## TASK
Return all the data exactly, keeping the pictures out.

═══ GIVEN DATA ═══

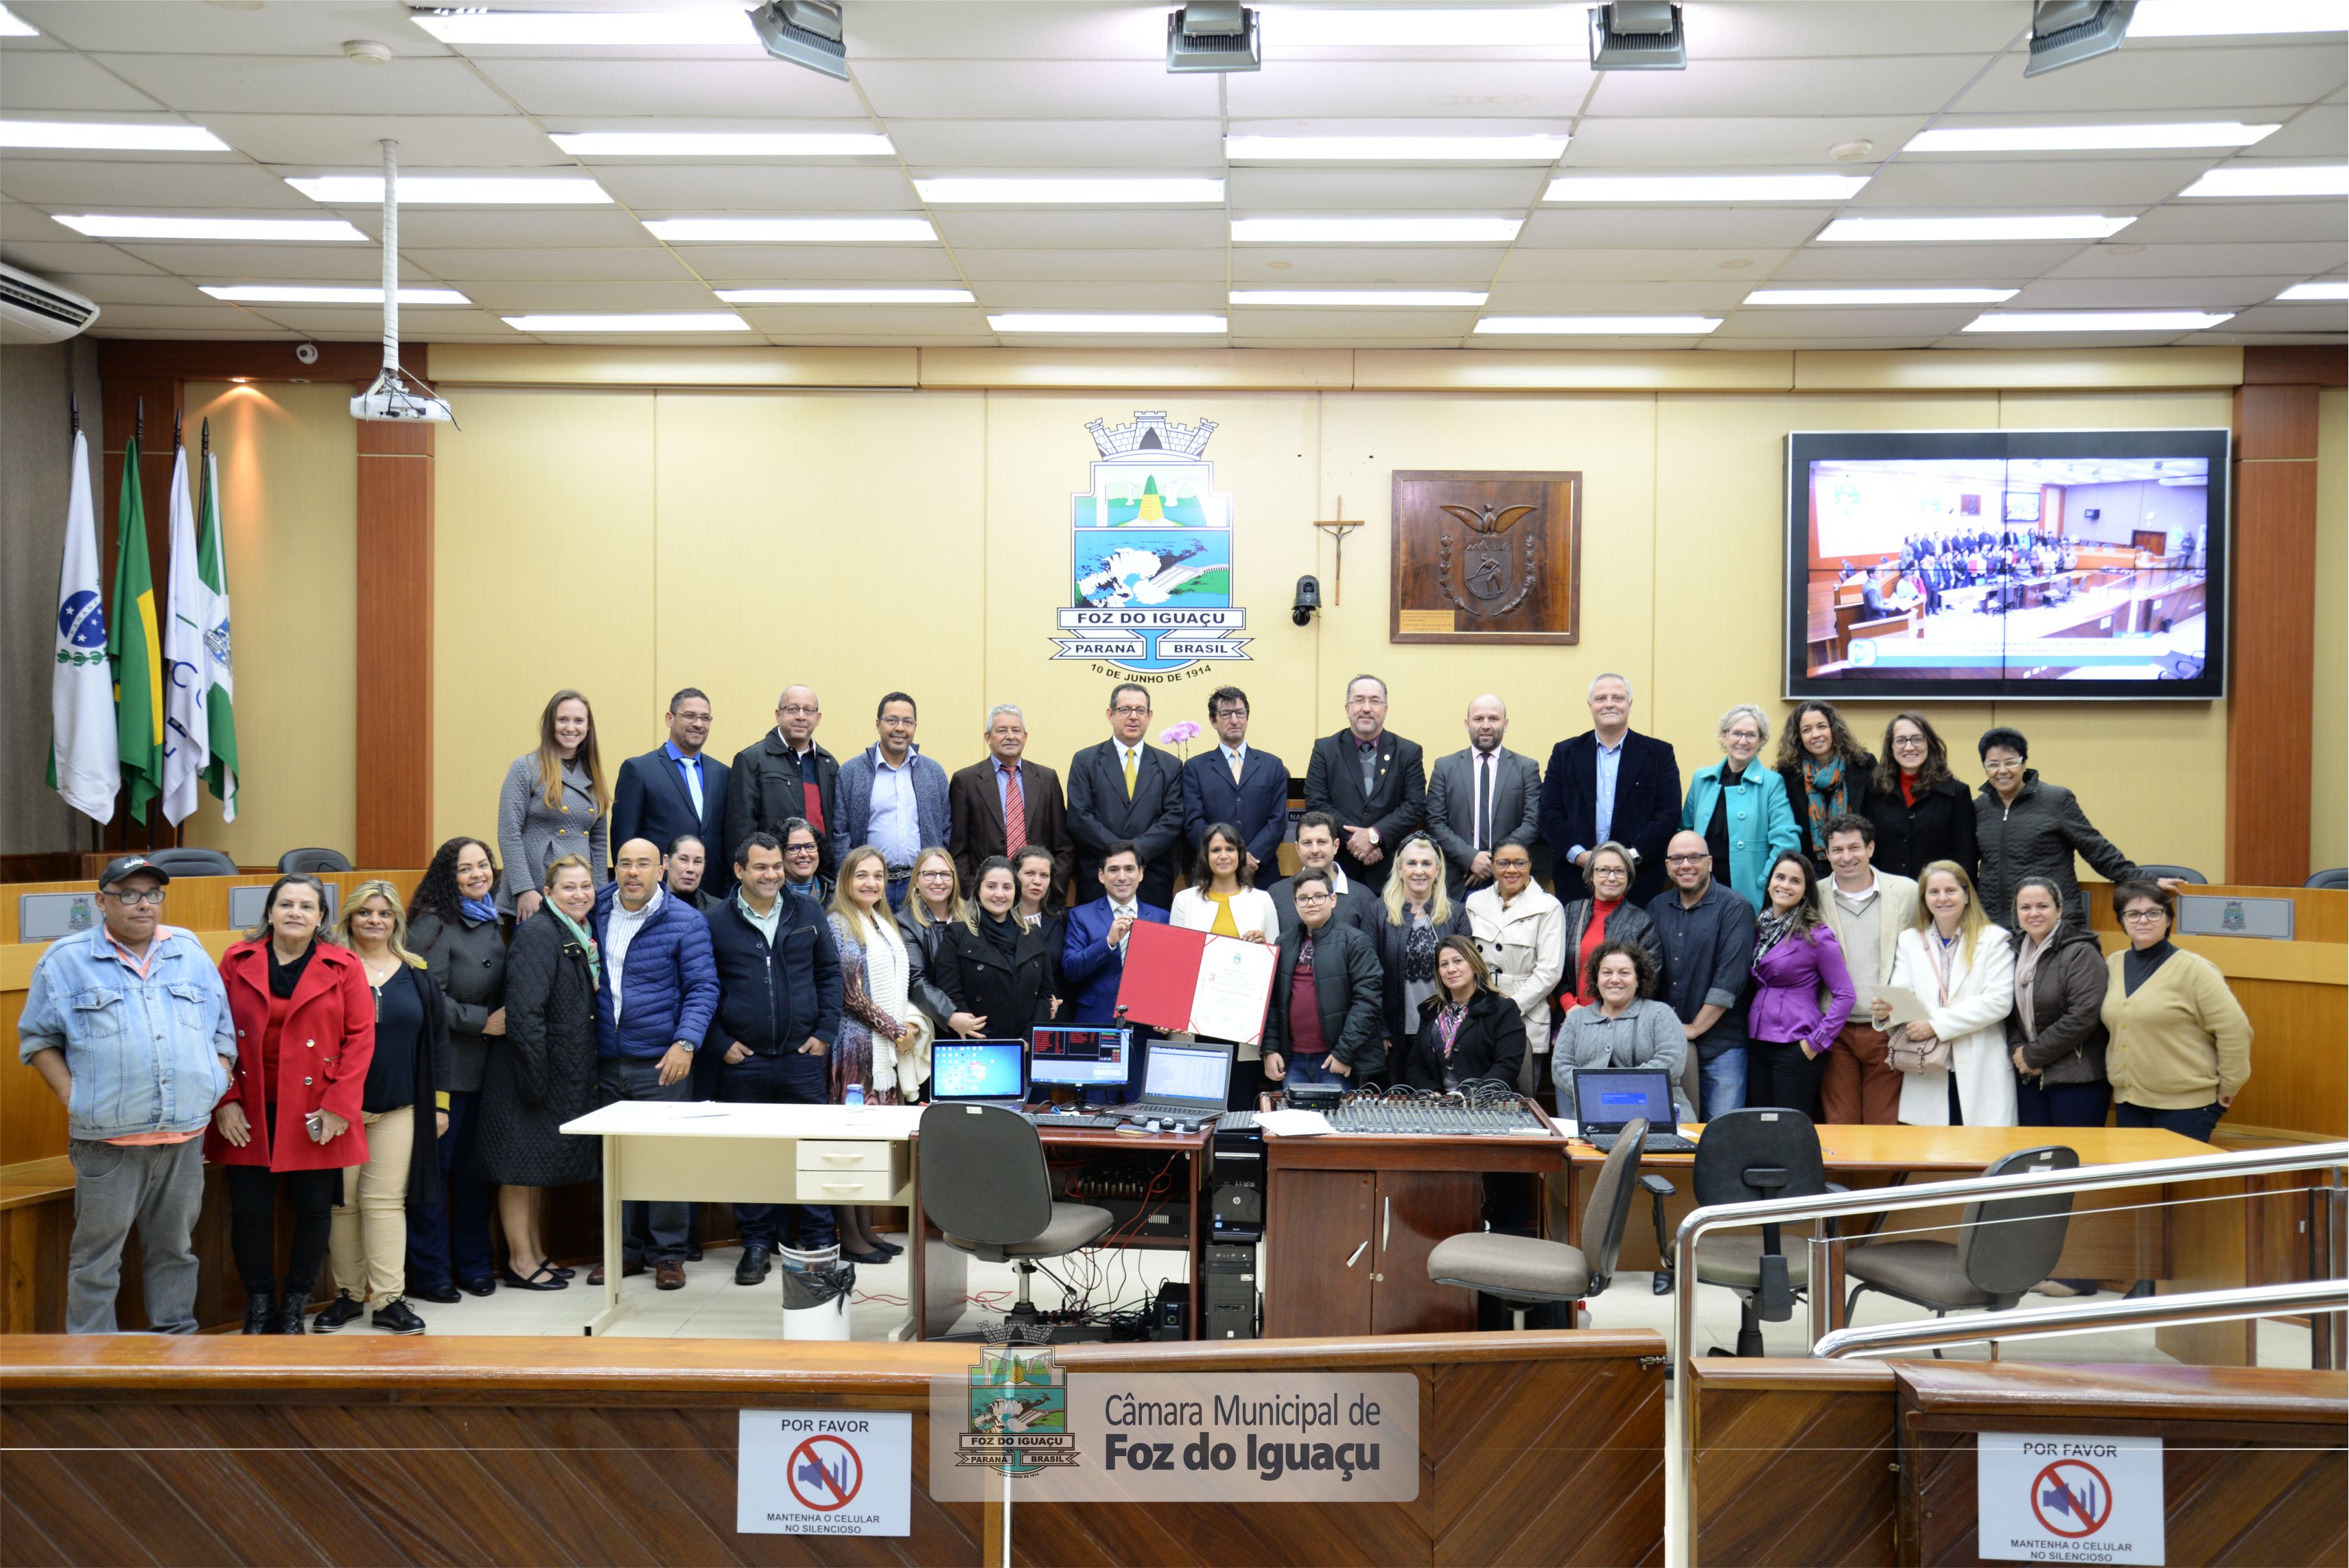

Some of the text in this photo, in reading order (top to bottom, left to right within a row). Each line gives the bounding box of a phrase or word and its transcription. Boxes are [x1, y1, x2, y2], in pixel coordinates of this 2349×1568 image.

[1077, 613, 1225, 627] FOZ DO IGUAÇU
[1075, 642, 1228, 653] PARANÁ BRASIL
[1091, 664, 1211, 683] 10 DE JUNHO DE 1914
[782, 1419, 869, 1433] POR FAVOR
[2023, 1442, 2118, 1458] POR FAVOR
[767, 1513, 880, 1523] MANTENHA O CELULAR
[802, 1525, 861, 1534] SILENCIOSO
[2011, 1539, 2132, 1552] MANTENHA O CELULAR
[2031, 1552, 2112, 1562] NO SILENCIOSO
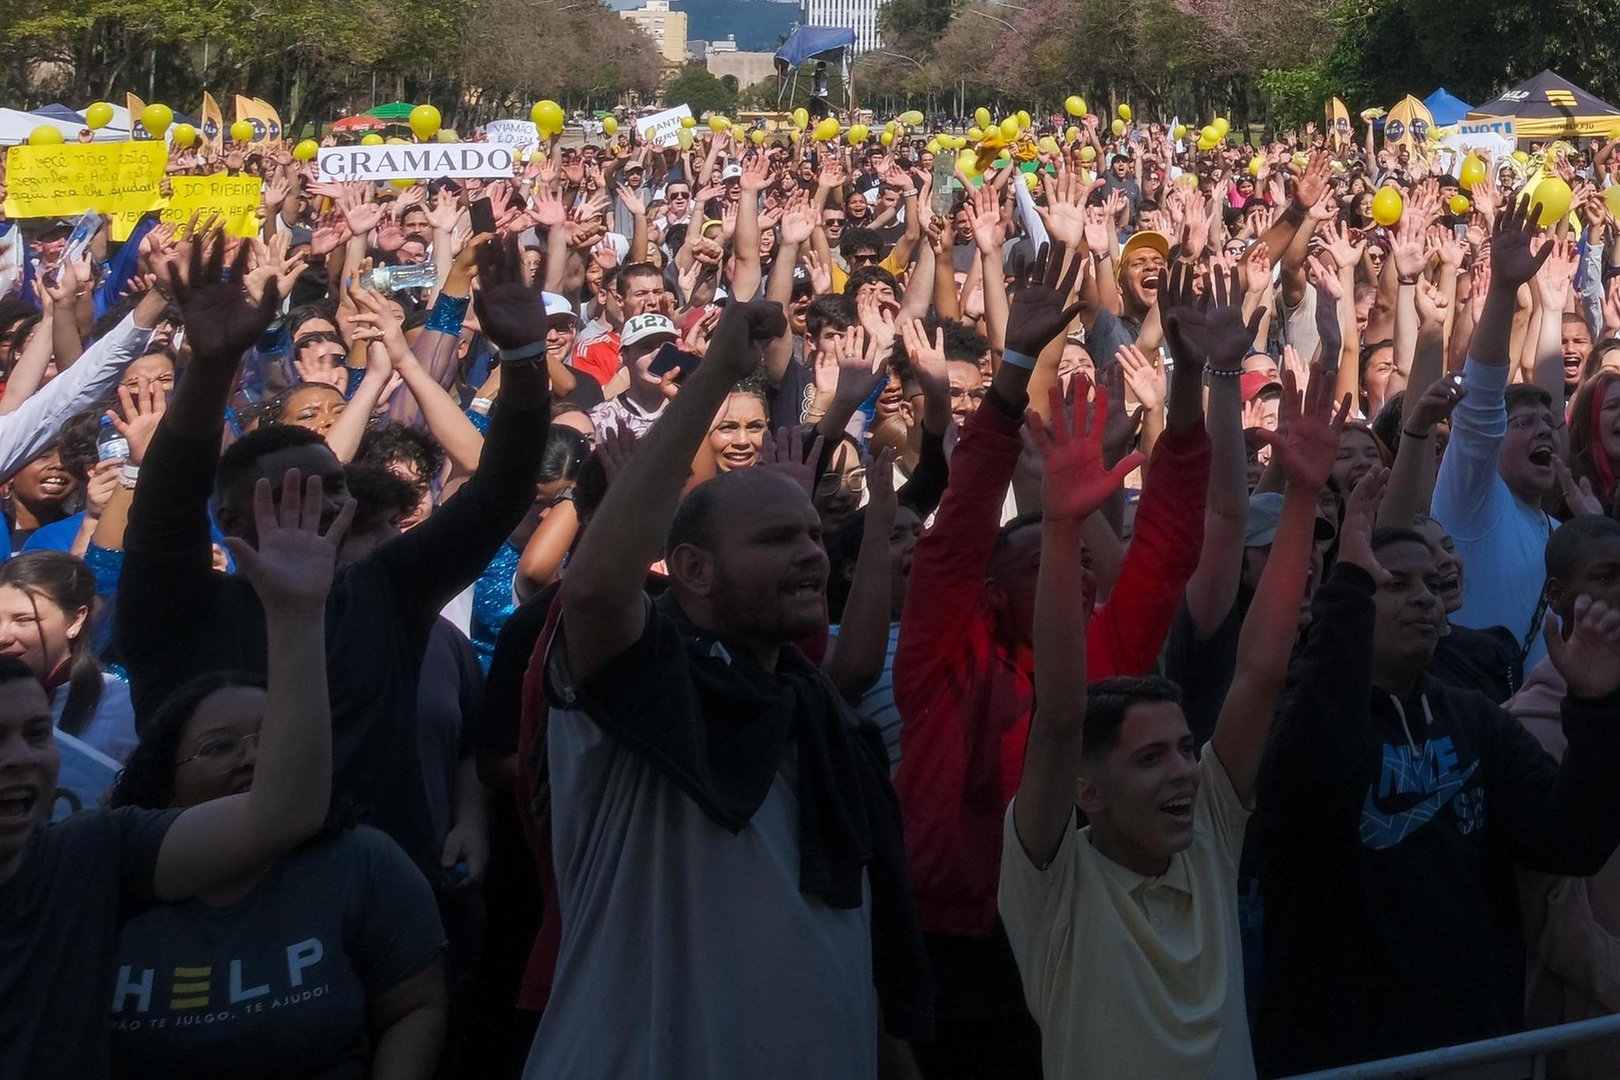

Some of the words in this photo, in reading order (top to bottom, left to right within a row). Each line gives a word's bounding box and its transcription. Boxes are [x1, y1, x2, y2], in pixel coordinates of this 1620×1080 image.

[493, 123, 533, 134] VIAMÃO
[656, 116, 682, 130] ANTA
[320, 148, 513, 175] GRAMADO
[210, 182, 260, 197] RIBEIRO
[630, 315, 667, 333] L27
[111, 937, 324, 1013] HELP
[175, 1011, 237, 1027] JULGO,
[245, 1003, 264, 1015] TE
[271, 984, 330, 1009] AJUDO!

═══

## ANSWER BELOW
Some of the text in this photo, in reading order (top to bottom, left to right within a row). Each line gives the bounding box of a phrase or word and its transcription. Boxes are [x1, y1, x2, y2], in pixel coordinates of this 2349×1568 image.

[1077, 613, 1225, 627] FOZ DO IGUAÇU
[1075, 642, 1228, 653] PARANÁ BRASIL
[1091, 664, 1211, 683] 10 DE JUNHO DE 1914
[782, 1419, 869, 1433] POR FAVOR
[2023, 1442, 2118, 1458] POR FAVOR
[767, 1513, 880, 1523] MANTENHA O CELULAR
[802, 1525, 861, 1534] SILENCIOSO
[2011, 1539, 2132, 1552] MANTENHA O CELULAR
[2031, 1552, 2112, 1562] NO SILENCIOSO

Some of the words in this photo, in reading order (top to bottom, left to right within a row). Each line gives a word's bounding box and its transcription. Boxes are [x1, y1, x2, y2], in pixel coordinates of this 1620×1080 image.

[493, 123, 533, 134] VIAMÃO
[656, 116, 682, 130] ANTA
[320, 148, 513, 175] GRAMADO
[210, 182, 260, 197] RIBEIRO
[630, 315, 667, 333] L27
[111, 937, 324, 1013] HELP
[175, 1011, 237, 1027] JULGO,
[245, 1003, 264, 1015] TE
[271, 984, 330, 1009] AJUDO!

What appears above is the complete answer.